=== Section Start ===
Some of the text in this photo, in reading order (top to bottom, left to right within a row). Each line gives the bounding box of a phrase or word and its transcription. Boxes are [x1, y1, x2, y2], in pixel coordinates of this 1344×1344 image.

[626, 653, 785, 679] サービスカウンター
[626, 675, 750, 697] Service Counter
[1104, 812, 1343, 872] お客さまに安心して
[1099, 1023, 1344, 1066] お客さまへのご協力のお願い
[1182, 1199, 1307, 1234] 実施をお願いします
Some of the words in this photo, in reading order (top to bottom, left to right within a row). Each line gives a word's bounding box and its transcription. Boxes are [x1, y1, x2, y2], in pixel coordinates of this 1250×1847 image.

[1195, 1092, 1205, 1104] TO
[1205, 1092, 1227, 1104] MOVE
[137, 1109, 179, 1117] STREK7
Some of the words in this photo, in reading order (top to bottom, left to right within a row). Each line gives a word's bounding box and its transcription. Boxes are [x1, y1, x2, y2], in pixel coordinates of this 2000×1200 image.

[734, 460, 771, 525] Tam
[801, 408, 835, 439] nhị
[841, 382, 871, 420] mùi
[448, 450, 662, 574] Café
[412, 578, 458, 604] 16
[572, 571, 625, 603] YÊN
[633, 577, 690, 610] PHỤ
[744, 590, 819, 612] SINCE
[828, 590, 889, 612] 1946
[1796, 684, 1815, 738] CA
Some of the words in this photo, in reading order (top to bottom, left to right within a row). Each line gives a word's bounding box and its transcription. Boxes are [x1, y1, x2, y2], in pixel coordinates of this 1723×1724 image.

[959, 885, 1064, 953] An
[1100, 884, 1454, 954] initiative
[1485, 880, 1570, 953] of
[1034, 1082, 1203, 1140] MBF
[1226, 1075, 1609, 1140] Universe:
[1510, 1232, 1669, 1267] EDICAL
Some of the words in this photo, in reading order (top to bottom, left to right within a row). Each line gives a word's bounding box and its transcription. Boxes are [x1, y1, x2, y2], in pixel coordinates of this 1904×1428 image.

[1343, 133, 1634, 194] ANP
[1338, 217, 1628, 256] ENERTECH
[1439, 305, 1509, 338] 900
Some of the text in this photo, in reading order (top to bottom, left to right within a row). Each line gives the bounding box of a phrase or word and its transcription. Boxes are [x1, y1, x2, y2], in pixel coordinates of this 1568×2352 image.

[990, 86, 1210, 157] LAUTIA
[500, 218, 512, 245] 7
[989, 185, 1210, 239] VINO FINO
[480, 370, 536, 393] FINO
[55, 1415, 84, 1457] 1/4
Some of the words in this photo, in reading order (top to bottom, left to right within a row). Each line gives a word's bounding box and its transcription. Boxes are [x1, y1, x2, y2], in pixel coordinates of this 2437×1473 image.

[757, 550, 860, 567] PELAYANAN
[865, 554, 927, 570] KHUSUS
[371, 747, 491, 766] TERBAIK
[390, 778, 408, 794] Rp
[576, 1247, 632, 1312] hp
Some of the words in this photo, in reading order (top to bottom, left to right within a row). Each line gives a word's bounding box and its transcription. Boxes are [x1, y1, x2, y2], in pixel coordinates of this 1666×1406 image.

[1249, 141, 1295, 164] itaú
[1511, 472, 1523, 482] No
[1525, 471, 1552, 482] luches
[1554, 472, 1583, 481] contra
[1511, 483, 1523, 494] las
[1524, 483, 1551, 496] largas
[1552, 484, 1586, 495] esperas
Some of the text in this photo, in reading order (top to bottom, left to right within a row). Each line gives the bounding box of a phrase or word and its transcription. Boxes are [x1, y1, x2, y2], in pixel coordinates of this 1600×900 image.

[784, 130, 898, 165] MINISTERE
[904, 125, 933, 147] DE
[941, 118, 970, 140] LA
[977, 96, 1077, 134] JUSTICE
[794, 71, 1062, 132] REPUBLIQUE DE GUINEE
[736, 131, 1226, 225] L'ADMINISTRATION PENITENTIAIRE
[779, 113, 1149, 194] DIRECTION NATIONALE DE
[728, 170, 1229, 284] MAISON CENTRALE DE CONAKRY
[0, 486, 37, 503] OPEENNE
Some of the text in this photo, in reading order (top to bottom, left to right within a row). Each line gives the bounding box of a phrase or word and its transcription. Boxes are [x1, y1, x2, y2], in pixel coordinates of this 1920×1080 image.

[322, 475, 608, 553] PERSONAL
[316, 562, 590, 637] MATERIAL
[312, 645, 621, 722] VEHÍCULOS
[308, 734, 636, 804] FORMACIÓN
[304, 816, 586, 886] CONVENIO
=== Section End ===
- TASK DIRECTIONS:
Please transcribe the listing in its entirety, exactly.

- OUTPUT BELOW:
Some of the text in this photo, in reading order (top to bottom, left to right within a row). Each line gives the bounding box of a phrase or word and its transcription. Boxes are [x1, y1, x2, y2], in pixel coordinates of this 1344×1344 image.

[626, 653, 785, 679] サービスカウンター
[626, 675, 750, 697] Service Counter
[1104, 812, 1343, 872] お客さまに安心して
[1099, 1023, 1344, 1066] お客さまへのご協力のお願い
[1182, 1199, 1307, 1234] 実施をお願いします
Some of the words in this photo, in reading order (top to bottom, left to right within a row). Each line gives a word's bounding box and its transcription. Boxes are [x1, y1, x2, y2], in pixel coordinates of this 1250×1847 image.

[1195, 1092, 1205, 1104] TO
[1205, 1092, 1227, 1104] MOVE
[137, 1109, 179, 1117] STREK7
Some of the words in this photo, in reading order (top to bottom, left to right within a row). Each line gives a word's bounding box and its transcription. Boxes are [x1, y1, x2, y2], in pixel coordinates of this 2000×1200 image.

[734, 460, 771, 525] Tam
[801, 408, 835, 439] nhị
[841, 382, 871, 420] mùi
[448, 450, 662, 574] Café
[412, 578, 458, 604] 16
[572, 571, 625, 603] YÊN
[633, 577, 690, 610] PHỤ
[744, 590, 819, 612] SINCE
[828, 590, 889, 612] 1946
[1796, 684, 1815, 738] CA
Some of the words in this photo, in reading order (top to bottom, left to right within a row). Each line gives a word's bounding box and its transcription. Boxes are [x1, y1, x2, y2], in pixel coordinates of this 1723×1724 image.

[959, 885, 1064, 953] An
[1100, 884, 1454, 954] initiative
[1485, 880, 1570, 953] of
[1034, 1082, 1203, 1140] MBF
[1226, 1075, 1609, 1140] Universe:
[1510, 1232, 1669, 1267] EDICAL
Some of the words in this photo, in reading order (top to bottom, left to right within a row). Each line gives a word's bounding box and its transcription. Boxes are [x1, y1, x2, y2], in pixel coordinates of this 1904×1428 image.

[1343, 133, 1634, 194] ANP
[1338, 217, 1628, 256] ENERTECH
[1439, 305, 1509, 338] 900
Some of the text in this photo, in reading order (top to bottom, left to right within a row). Each line gives the bounding box of a phrase or word and its transcription. Boxes are [x1, y1, x2, y2], in pixel coordinates of this 1568×2352 image.

[990, 86, 1210, 157] LAUTIA
[500, 218, 512, 245] 7
[989, 185, 1210, 239] VINO FINO
[480, 370, 536, 393] FINO
[55, 1415, 84, 1457] 1/4
Some of the words in this photo, in reading order (top to bottom, left to right within a row). Each line gives a word's bounding box and its transcription. Boxes are [x1, y1, x2, y2], in pixel coordinates of this 2437×1473 image.

[757, 550, 860, 567] PELAYANAN
[865, 554, 927, 570] KHUSUS
[371, 747, 491, 766] TERBAIK
[390, 778, 408, 794] Rp
[576, 1247, 632, 1312] hp
Some of the words in this photo, in reading order (top to bottom, left to right within a row). Each line gives a word's bounding box and its transcription. Boxes are [x1, y1, x2, y2], in pixel coordinates of this 1666×1406 image.

[1249, 141, 1295, 164] itaú
[1511, 472, 1523, 482] No
[1525, 471, 1552, 482] luches
[1554, 472, 1583, 481] contra
[1511, 483, 1523, 494] las
[1524, 483, 1551, 496] largas
[1552, 484, 1586, 495] esperas
Some of the text in this photo, in reading order (top to bottom, left to right within a row). Each line gives the bounding box of a phrase or word and its transcription. Boxes are [x1, y1, x2, y2], in pixel coordinates of this 1600×900 image.

[784, 130, 898, 165] MINISTERE
[904, 125, 933, 147] DE
[941, 118, 970, 140] LA
[977, 96, 1077, 134] JUSTICE
[794, 71, 1062, 132] REPUBLIQUE DE GUINEE
[736, 131, 1226, 225] L'ADMINISTRATION PENITENTIAIRE
[779, 113, 1149, 194] DIRECTION NATIONALE DE
[728, 170, 1229, 284] MAISON CENTRALE DE CONAKRY
[0, 486, 37, 503] OPEENNE
Some of the text in this photo, in reading order (top to bottom, left to right within a row). Each line gives the bounding box of a phrase or word and its transcription. Boxes are [x1, y1, x2, y2], in pixel coordinates of this 1920×1080 image.

[322, 475, 608, 553] PERSONAL
[316, 562, 590, 637] MATERIAL
[312, 645, 621, 722] VEHÍCULOS
[308, 734, 636, 804] FORMACIÓN
[304, 816, 586, 886] CONVENIO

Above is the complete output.